■ Your assignment ■
Give the records again in full, exactly as they appear, but without the pictures.

================================

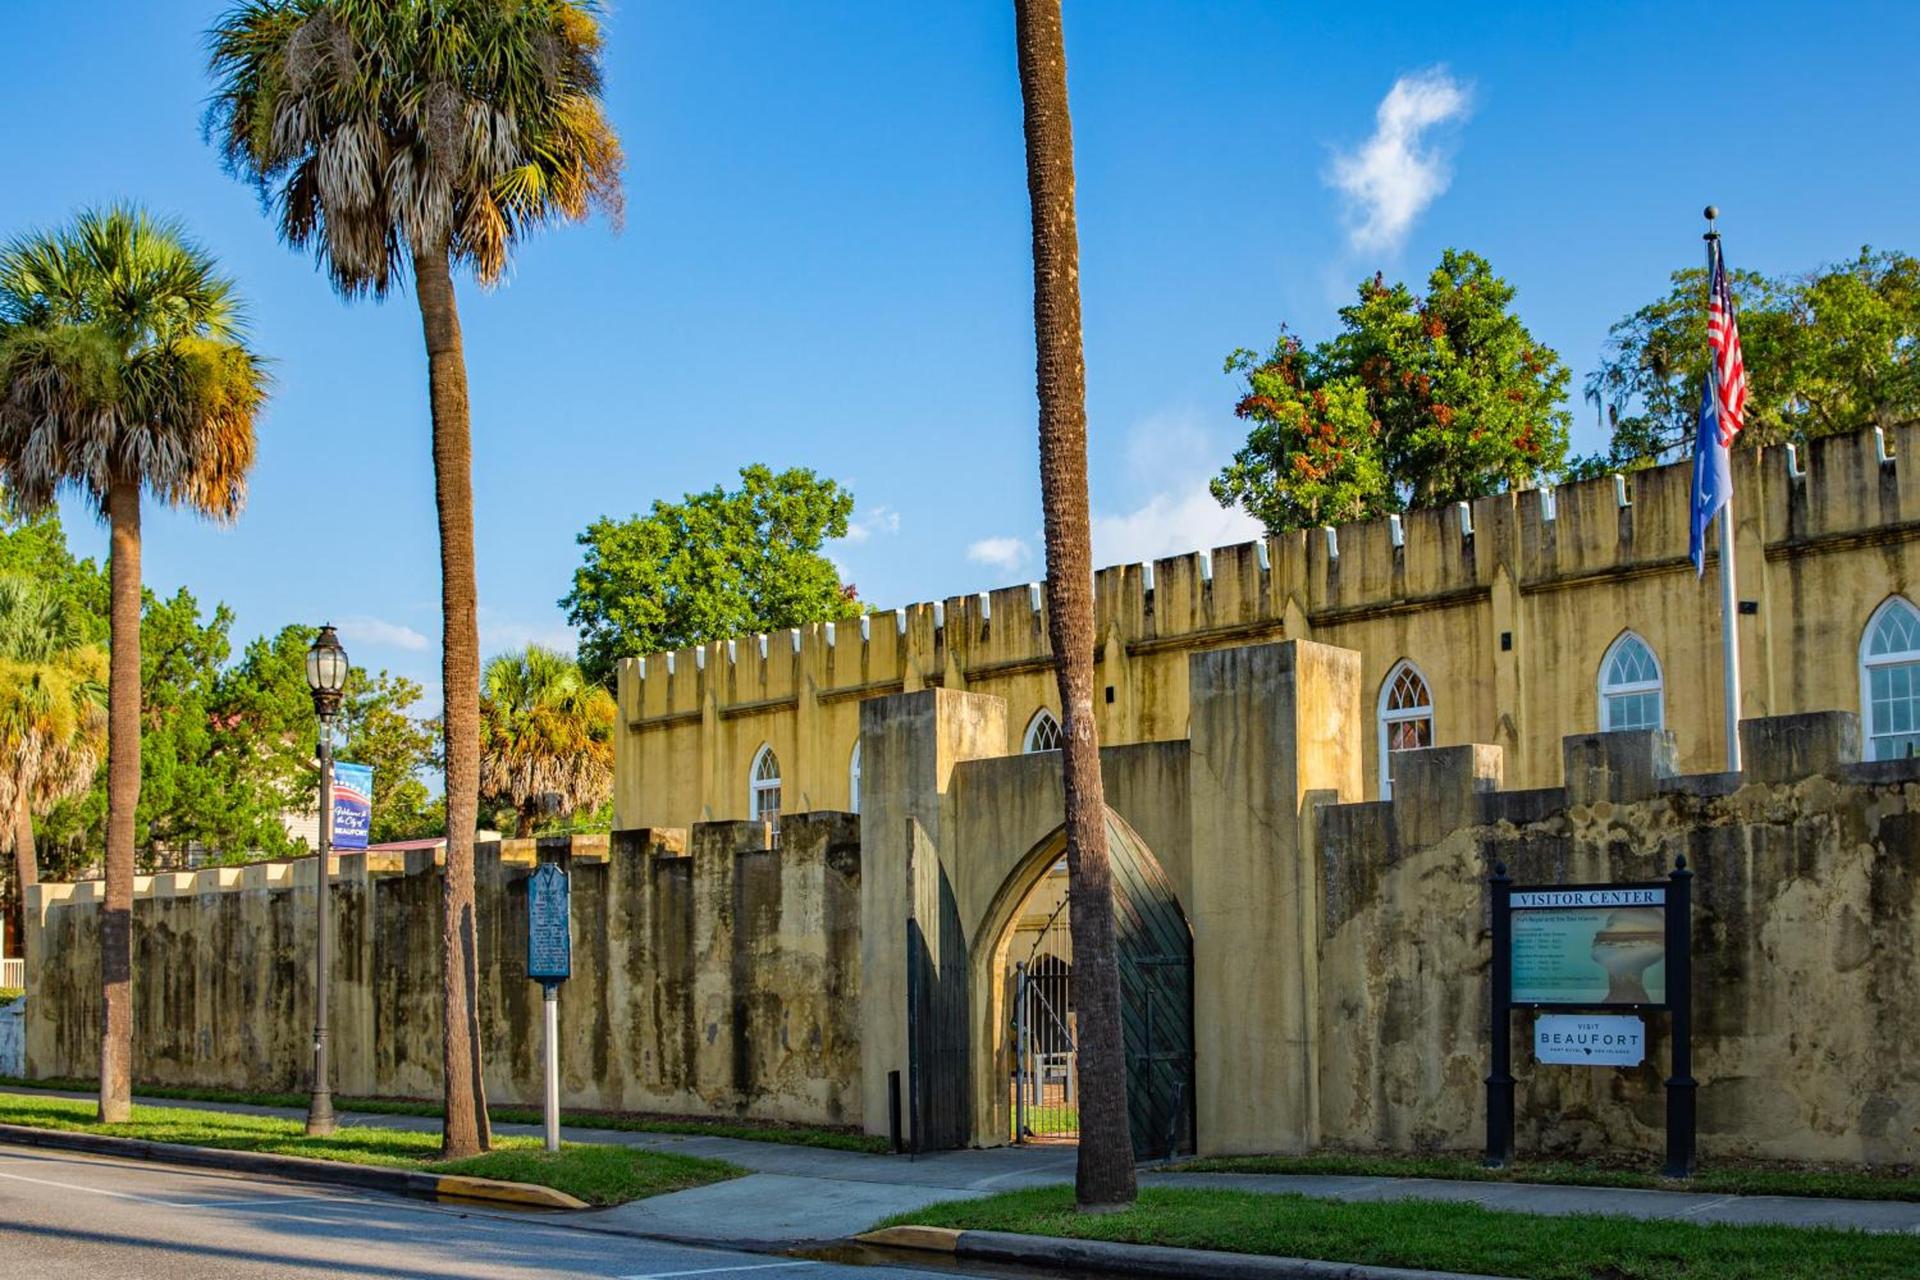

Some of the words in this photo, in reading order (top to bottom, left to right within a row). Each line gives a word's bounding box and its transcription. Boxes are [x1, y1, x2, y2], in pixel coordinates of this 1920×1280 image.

[336, 816, 345, 824] the
[345, 816, 357, 827] City
[357, 819, 365, 828] of
[334, 827, 368, 837] BEAUFORT
[1520, 893, 1584, 906] VISITOR
[1589, 891, 1654, 904] CENTER
[1540, 1033, 1639, 1045] BEAUFORT
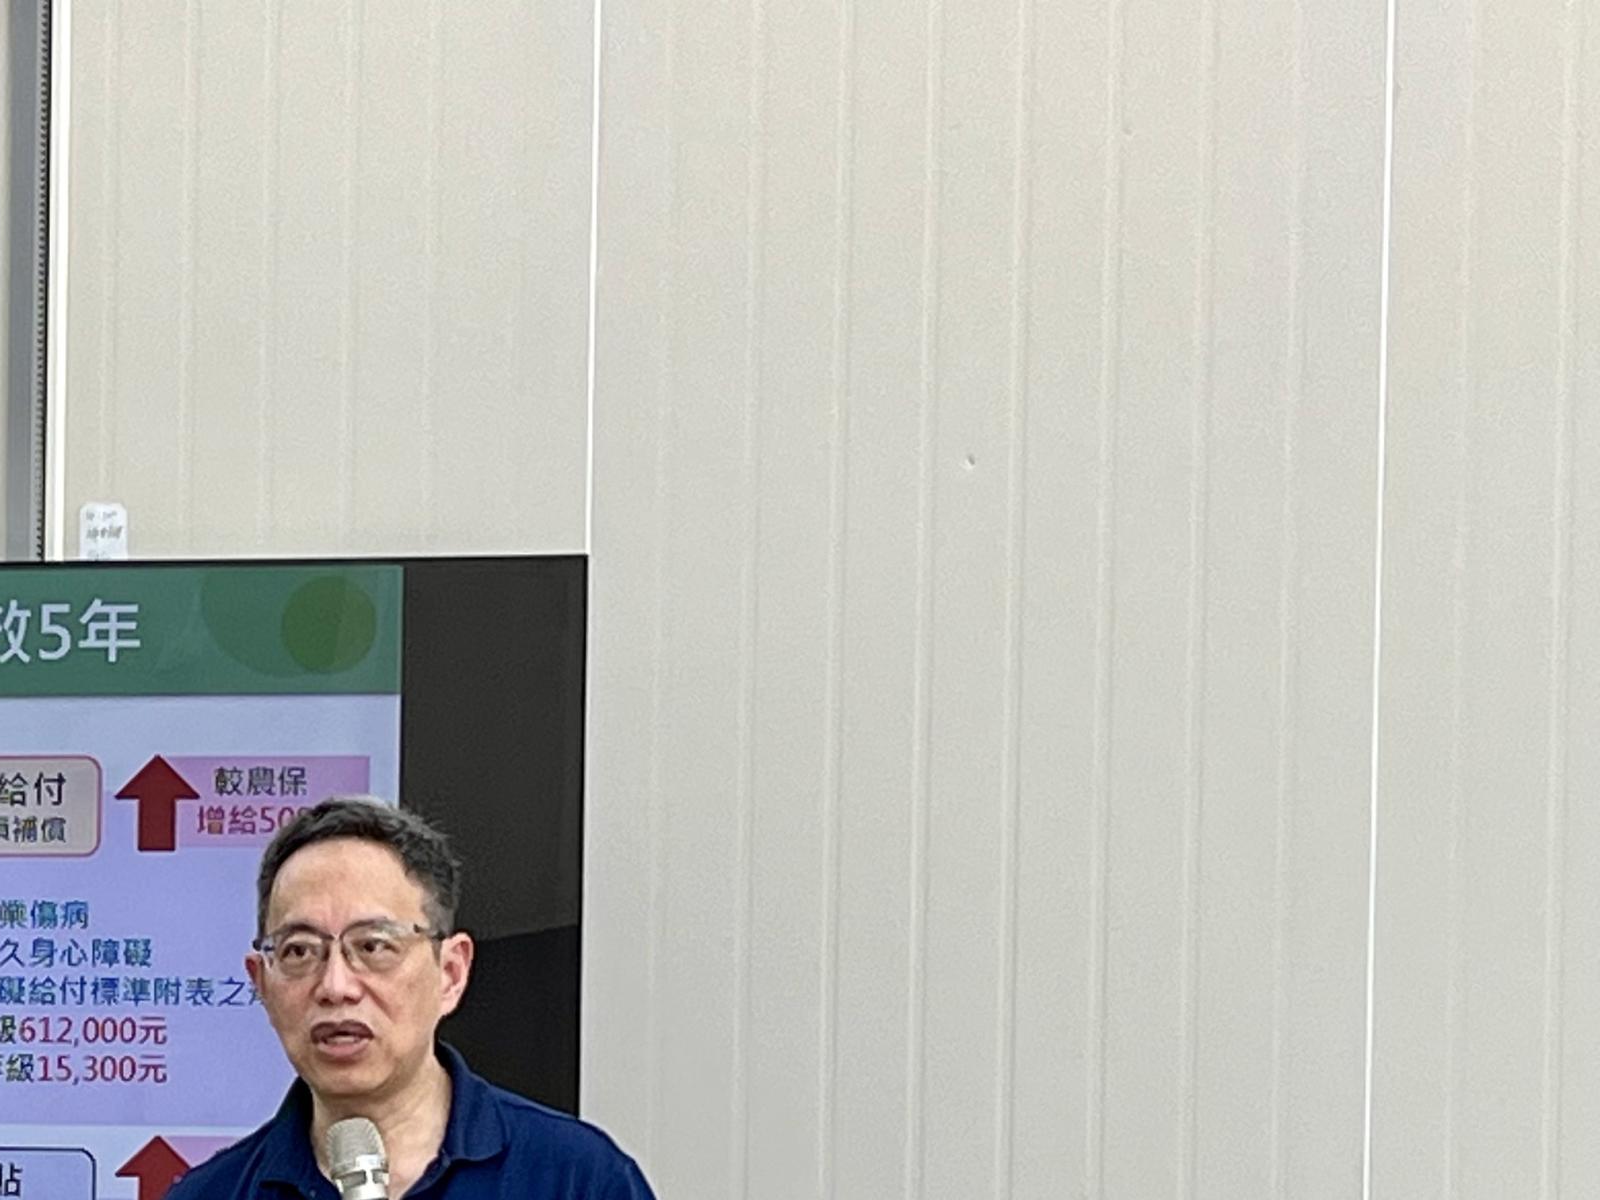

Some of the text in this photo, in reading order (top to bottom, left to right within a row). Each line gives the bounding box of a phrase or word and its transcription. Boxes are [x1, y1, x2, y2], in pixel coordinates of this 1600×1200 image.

[214, 766, 308, 796] 較農保
[197, 805, 311, 835] 增給50

================================

■ Answer for this exercise ■
Some of the words in this photo, in reading order (top to bottom, left to right within a row). Each line gives a word's bounding box and its transcription. Boxes are [x1, y1, x2, y2], in pixel coordinates of this 1920×1280 image.

[336, 816, 345, 824] the
[345, 816, 357, 827] City
[357, 819, 365, 828] of
[334, 827, 368, 837] BEAUFORT
[1520, 893, 1584, 906] VISITOR
[1589, 891, 1654, 904] CENTER
[1540, 1033, 1639, 1045] BEAUFORT

Some of the text in this photo, in reading order (top to bottom, left to right within a row). Each line gives the bounding box of a phrase or word and its transcription. Boxes are [x1, y1, x2, y2], in pixel coordinates of this 1600×1200 image.

[214, 766, 308, 796] 較農保
[197, 805, 311, 835] 增給50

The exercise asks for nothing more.